Advanced Settings
Establishing a Connection
Connecting to WooCommerce
WooCommerce supports the following authentication methods: Basic Authentication, one-legged OAuth1.0 Authentication and standard OAuth2.0 Authentication.
Additionally, in order to connect to WooCommerce, you will need to specify the URL of the instance to connect to.
Connecting using Basic Authentication
Some plugins and some servers may interfere with the Authorization header, if not configured properly.
For these cases, Basic authentication may be used. In this authentication mode, the user provides the consumer_key and the consumer_secret as user and password respectively.
These credentials are then sent as query parameters with each request.
Specify the following properties:
- AuthScheme - Set this to Basic
- User - Set this to your consumer key
- Password - Set this to your consumer secret
In addition specify the URL of the instance:
- Url
Connecting using one-legged OAuth 1.0 Authentication
Specify the following properties (NOTE: the below credentials are generated from WooCommerce settings page and should not be confused with the credentials generated by using WordPress OAuth2.0 plugin):
- ConsumerKey
- ConsumerSecret
In addition specify the URL of the instance:
- Url
Connecting using WordPress OAuth 2.0 Authentication
After having configured the OAuth2 Plugin plugin, you may connect to WooCommerce by providing the following connection proeprties:
- OAuthClientId
- OAuthClientSecret
- CallbackURL
- InitiateOAuth - Set this to either GETANDREFRESH or REFRESH
In addition specify the URL of the instance:
- Url
Custom Credentials
You can register an app to obtain the OAuthClientId and OAuthClientSecret.
When to Create a Custom OAuth App
Web Applications
You need to create a custom OAuth app in the web flow.
Desktop Applications
You need to create a custom OAuth app in the desktop flow.
Headless Machines
In the headless OAuth flow, users need to authenticate via a browser on another machine. You need to create a custom OAuth app in the hadless machine flow.

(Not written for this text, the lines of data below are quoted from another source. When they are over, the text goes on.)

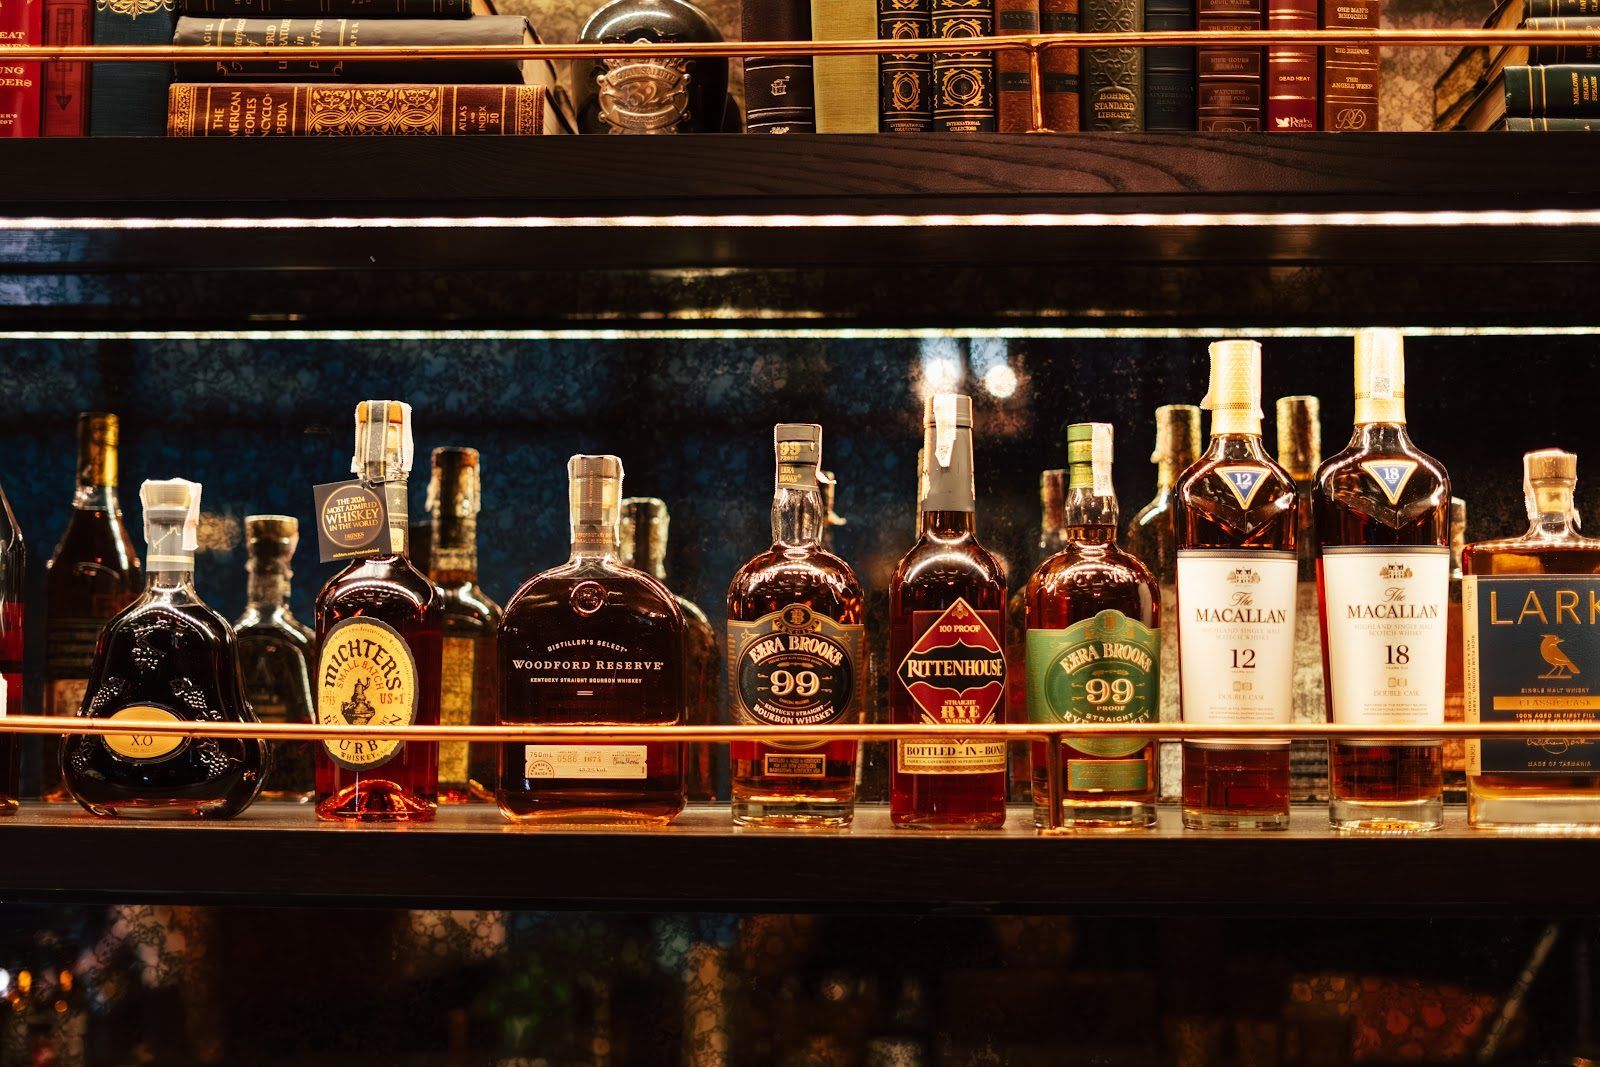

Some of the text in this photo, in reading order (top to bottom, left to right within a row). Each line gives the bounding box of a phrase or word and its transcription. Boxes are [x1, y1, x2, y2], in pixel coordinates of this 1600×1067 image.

[203, 23, 214, 47] GILL
[265, 24, 276, 47] ORLD
[229, 91, 242, 137] MERICAN
[1094, 102, 1135, 111] STANDARD
[213, 107, 225, 130] THE
[245, 97, 257, 137] EOPLES
[260, 93, 273, 137] NCYCLO-
[276, 102, 288, 134] PEDIA
[459, 105, 468, 132] ATLAS
[478, 105, 487, 132] INDEX
[489, 112, 500, 124] 20
[1097, 111, 1132, 119] LIBRARY
[779, 441, 801, 456] 99
[1235, 473, 1253, 485] 12
[1384, 467, 1400, 480] 18
[327, 501, 378, 515] MOST ADMIRED
[336, 496, 366, 506] THE 2024
[325, 508, 380, 525] WHISKEY
[329, 524, 338, 532] IN
[352, 519, 379, 528] WORLD
[1230, 591, 1253, 607] The
[1382, 587, 1406, 602] The
[1195, 608, 1288, 623] MACALLAN
[1346, 604, 1438, 619] MACALLAN
[939, 625, 980, 633] 100 PROOF
[547, 639, 626, 653] DISTILLER'S SELECT
[748, 635, 844, 667] EZRA BROOKS
[1060, 642, 1153, 675] EZRA BROOKS
[1230, 648, 1256, 669] 12
[1384, 645, 1410, 665] 18
[512, 659, 663, 671] WOODFORD RESERVE
[907, 659, 1003, 678] RITTENHOUSE
[336, 660, 385, 691] SMALL BATCH
[770, 669, 820, 697] 99
[1085, 678, 1135, 705] 99
[753, 703, 836, 725] BOURBON WHISKEY
[764, 702, 796, 717] KENTUCKY
[795, 703, 826, 717] STRAIGHT
[940, 705, 980, 719] RYE
[1085, 712, 1135, 723] STRAIGHT
[340, 751, 376, 762] WHISKEY
[906, 746, 956, 756] BOTTLED
[965, 746, 977, 755] IN

Creating a Custom OAuth App
Installing the plugin
You will need the OAuth2 Plugin in order to authenticate via OAuth2.0. To install the plugin manually, copy the downloaded folder to the wp-content\plugins folder and then enable the plugin via the WooCommerce admin interface.

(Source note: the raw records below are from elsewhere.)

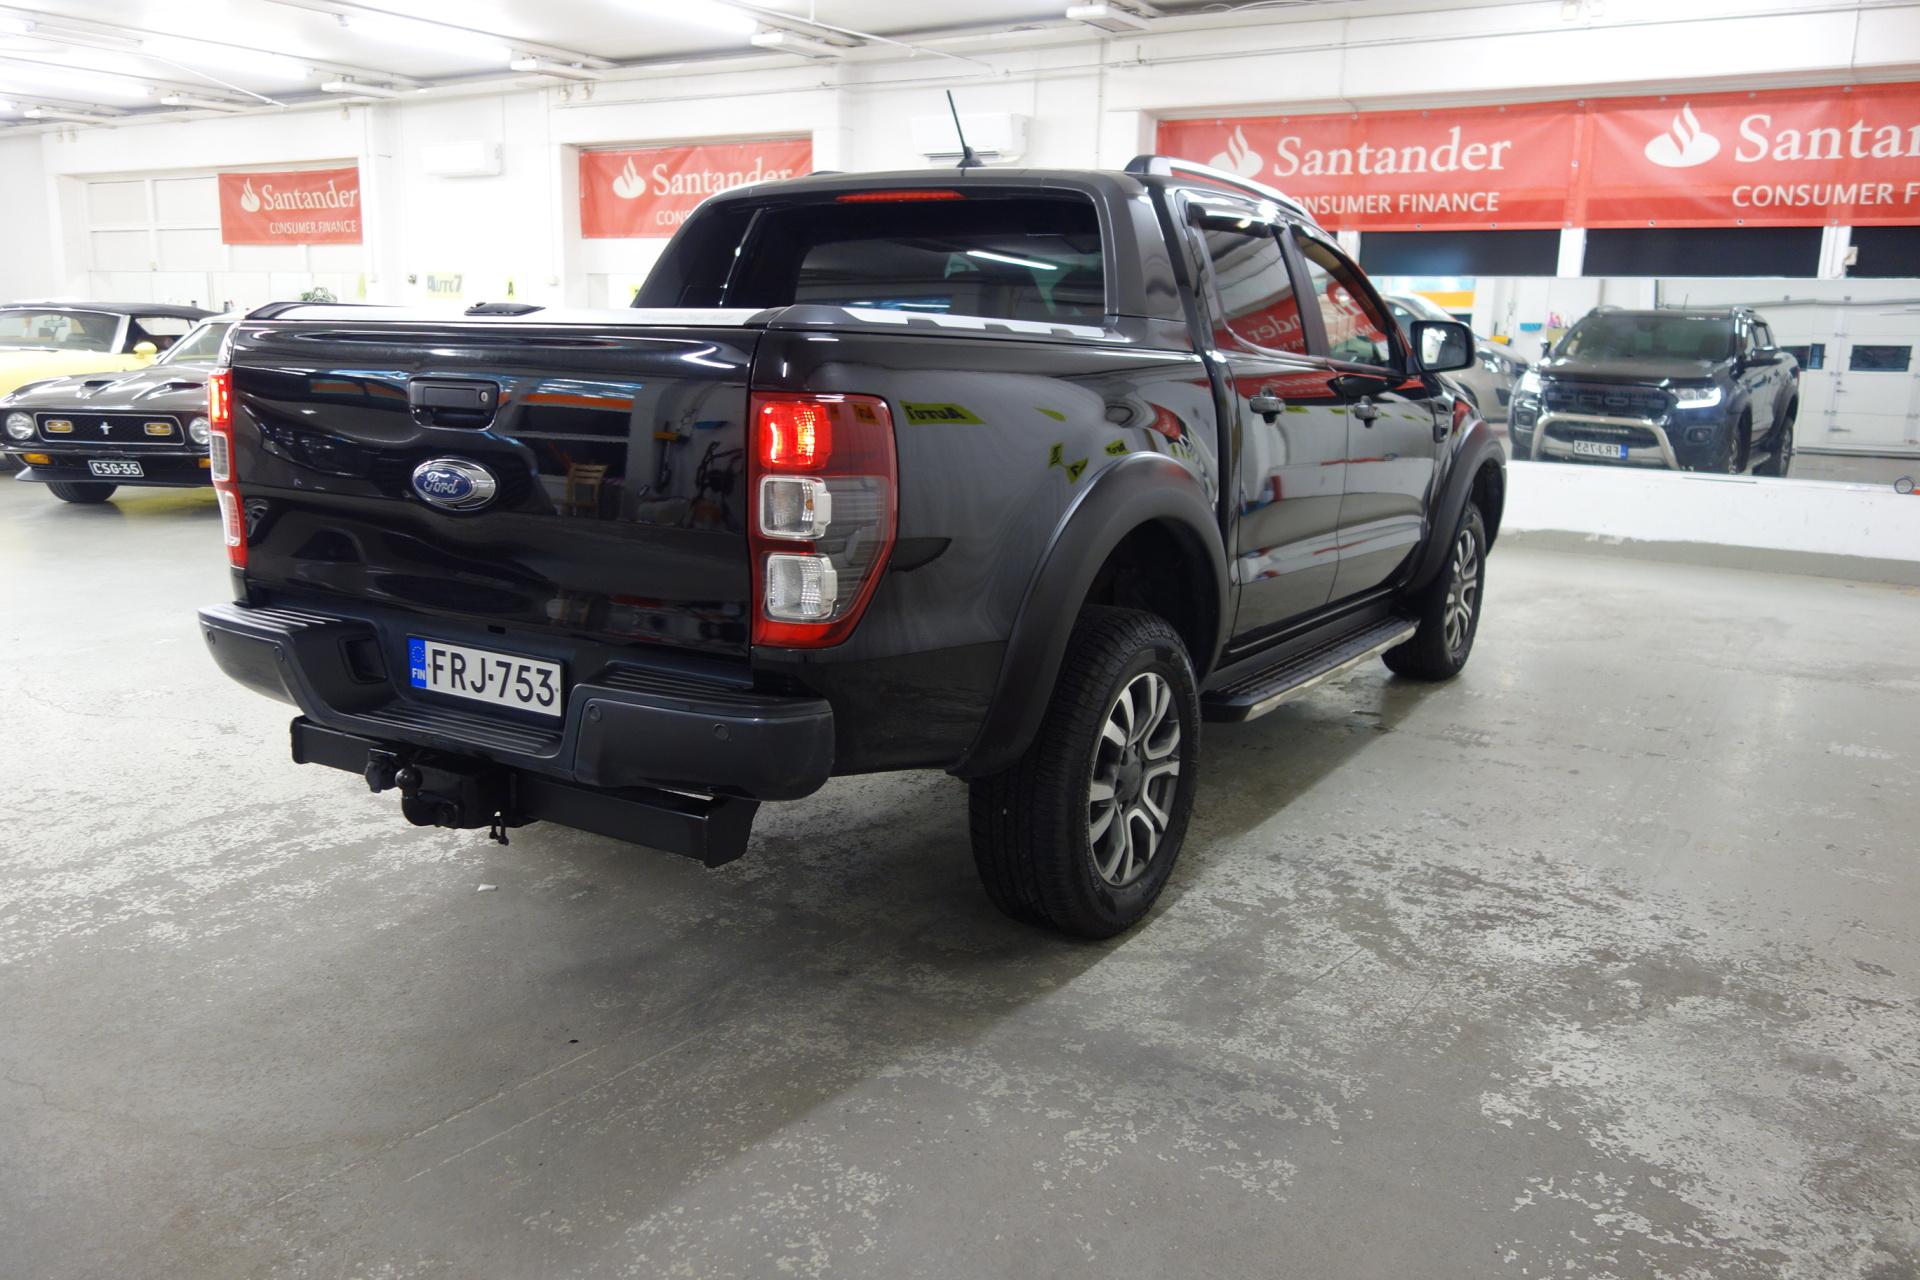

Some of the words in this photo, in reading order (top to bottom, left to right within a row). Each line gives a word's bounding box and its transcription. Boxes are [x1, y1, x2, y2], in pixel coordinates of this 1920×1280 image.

[1274, 126, 1511, 176] Santander
[261, 180, 358, 210] Santander
[1400, 192, 1499, 213] FINANCE
[1732, 183, 1893, 207] CONSUMER
[270, 220, 316, 234] CONSUMER
[319, 220, 357, 233] FINANCE
[92, 463, 139, 475] CSG-35
[424, 471, 458, 494] Ford
[412, 668, 426, 681] FIN
[432, 649, 554, 707] FRJ-753

Authenticate using Custom OAuth Credentials
To create an OAuth application, log into your site through the admin panel, navigate to Users -> Applications, and click Add New. After filling in the required fields, you may click "Create Client" and the following credentials will be displayed:
- Client Key - This will be your OAuthClientId
- Client Secret - This will be your OAuthClientSecret
Note that while creating the OAuth application, you will be required to specify a Callback. This is the url the user will be redirected to after explicitly granting access. WooCommerce does not do any validation on this however, so you can input something like http://localhost:33333.
You can now use these credentials to connect to WooCommerce by setting them as the following connection properties:
- OAuthClientId = Client Id
- OAuthClientSecret = Client Secret
- InitiateOAuth = GETANDREFRESH
- CallbackURL = Callback
- Url = The URL of your instance
Customizing the SSL Configuration
By default, the provider attempts to negotiate SSL/TLS by checking the server's certificate against the system's trusted certificate store. To specify another certificate, see the SSLServerCert property for the available formats to do so.
Connecting Through a Firewall or Proxy
HTTP Proxies
To connect through the Windows system proxy, you do not need to set any additional connection properties. To connect to other proxies, set ProxyAutoDetect to false.
In addition, to authenticate to an HTTP proxy, set ProxyAuthScheme, ProxyUser, and ProxyPassword, in addition to ProxyServer and ProxyPort.
Other Proxies
Set the following properties:
- To use a proxy-based firewall, set FirewallType, FirewallServer, and FirewallPort.
- To tunnel the connection, set FirewallType to TUNNEL.
- To authenticate, specify FirewallUser and FirewallPassword.
- To authenticate to a SOCKS proxy, additionally set FirewallType to SOCKS5.
Troubleshooting the Connection
To show provider activity from query execution to network traffic, use Logfile and Verbosity. The examples of common connection errors below show how to use these properties to get more context. Contact the support team for help tracing the source of an error or circumventing a performance issue.
- Authentication errors: Typically, recording a Logfile at Verbosity 4 is necessary to get full details on an authentication error.
- Queries time out: A server that takes too long to respond will exceed the provider's client-side timeout. Often, setting the Timeout property to a higher value will avoid a connection error. Another option is to disable the timeout by setting the property to 0. Setting Verbosity to 2 will show where the time is being spent.
- The certificate presented by the server cannot be validated: This error indicates that the provider cannot validate the server's certificate through the chain of trust. If you are using a self-signed certificate, there is only one certificate in the chain.
To resolve this error, you must verify yourself that the certificate can be trusted and specify to the provider that you trust the certificate. One way you can specify that you trust a certificate is to add the certificate to the trusted system store; another is to set SSLServerCert.